### WHAT NEEDS TO BE DONE
The data is to be repeated exactly, with the images removed.

### RECORDS SHOWN

******************************

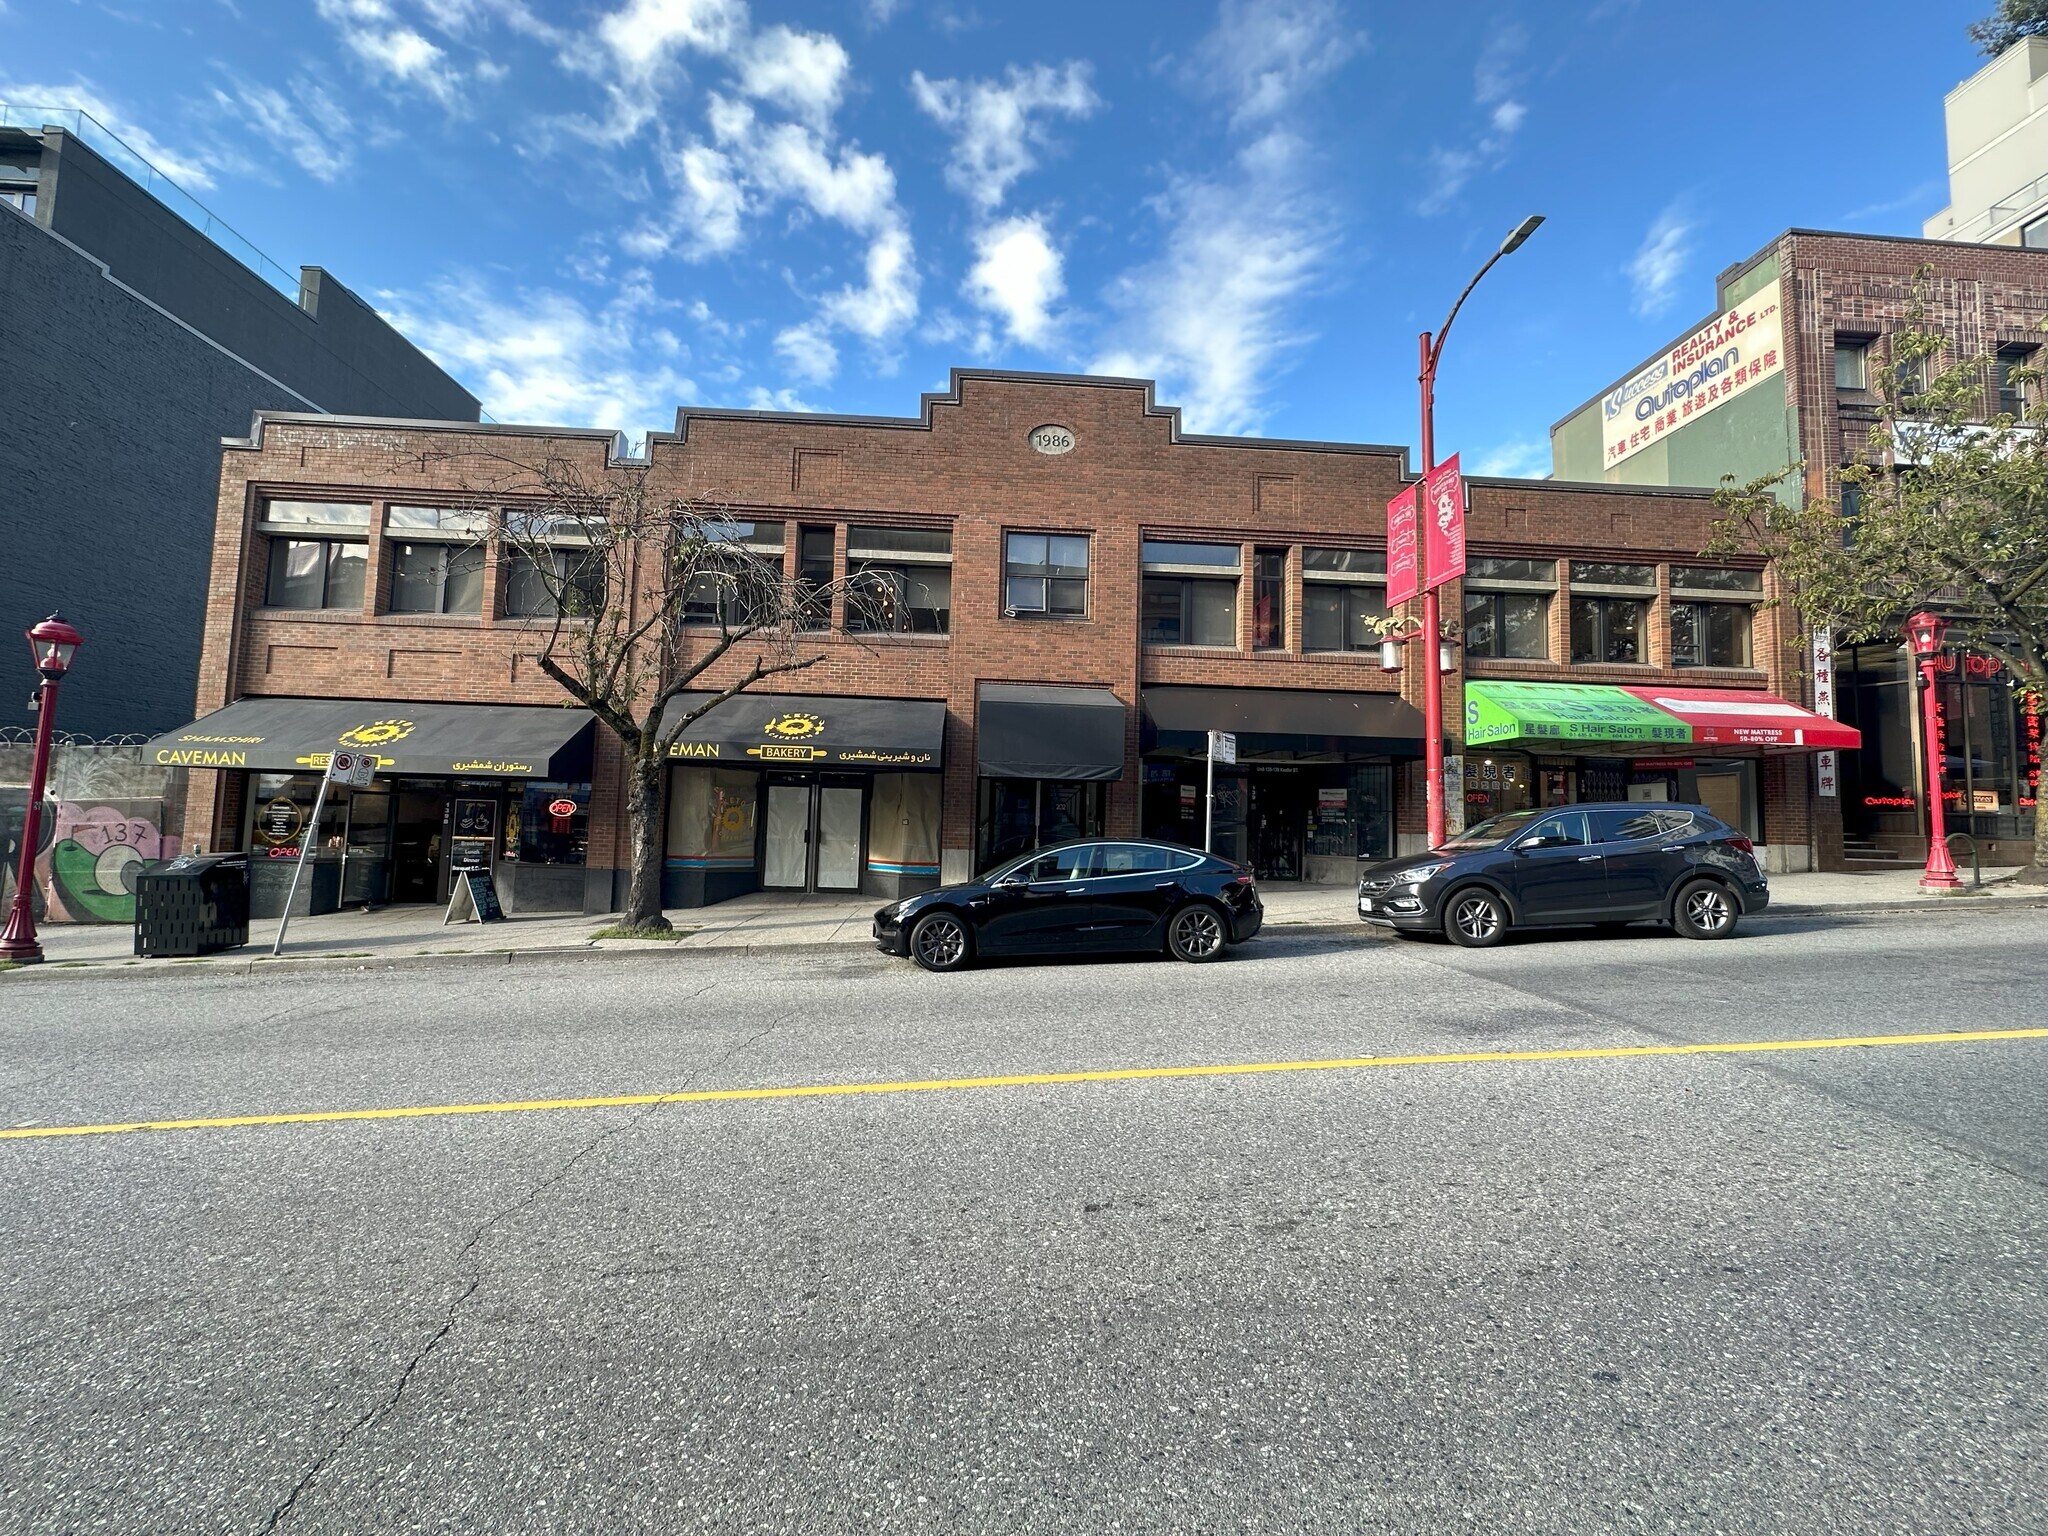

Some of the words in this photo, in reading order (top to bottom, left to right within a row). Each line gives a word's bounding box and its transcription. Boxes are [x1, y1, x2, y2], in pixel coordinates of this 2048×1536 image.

[1672, 319, 1722, 364] REALTY
[1728, 310, 1740, 325] &
[1672, 312, 1757, 376] INSURANCE
[1759, 304, 1779, 320] LTD.
[1635, 346, 1740, 422] autoplan
[1606, 363, 1667, 422] Success
[1035, 434, 1070, 448] 1986
[1467, 700, 1479, 725] S
[1555, 712, 1587, 721] Hair
[1589, 713, 1638, 722] Salon
[1468, 727, 1485, 741] Hair
[1487, 722, 1516, 737] Salon
[1569, 723, 1578, 732] S
[1581, 724, 1604, 733] Hair
[1608, 725, 1642, 735] Salon
[1734, 728, 1750, 736] NEW
[177, 734, 266, 744] SHAMSHIRI
[156, 749, 247, 766] CAVEMAN
[766, 747, 808, 758] BAKERY
[916, 753, 931, 763] نان
[1466, 793, 1490, 803] OPEN
[551, 803, 574, 813] OPEN
[101, 823, 148, 845] 137
[269, 847, 301, 858] OPEN

******************************

### COMPLETED EXERCISE
Some of the words in this photo, in reading order (top to bottom, left to right within a row). Each line gives a word's bounding box and its transcription. Boxes are [x1, y1, x2, y2], in pixel coordinates of this 2048×1536 image.

[1672, 319, 1722, 364] REALTY
[1728, 310, 1740, 325] &
[1672, 312, 1757, 376] INSURANCE
[1759, 304, 1779, 320] LTD.
[1635, 346, 1740, 422] autoplan
[1606, 363, 1667, 422] Success
[1035, 434, 1070, 448] 1986
[1467, 700, 1479, 725] S
[1555, 712, 1587, 721] Hair
[1589, 713, 1638, 722] Salon
[1468, 727, 1485, 741] Hair
[1487, 722, 1516, 737] Salon
[1569, 723, 1578, 732] S
[1581, 724, 1604, 733] Hair
[1608, 725, 1642, 735] Salon
[1734, 728, 1750, 736] NEW
[177, 734, 266, 744] SHAMSHIRI
[156, 749, 247, 766] CAVEMAN
[766, 747, 808, 758] BAKERY
[916, 753, 931, 763] نان
[1466, 793, 1490, 803] OPEN
[551, 803, 574, 813] OPEN
[101, 823, 148, 845] 137
[269, 847, 301, 858] OPEN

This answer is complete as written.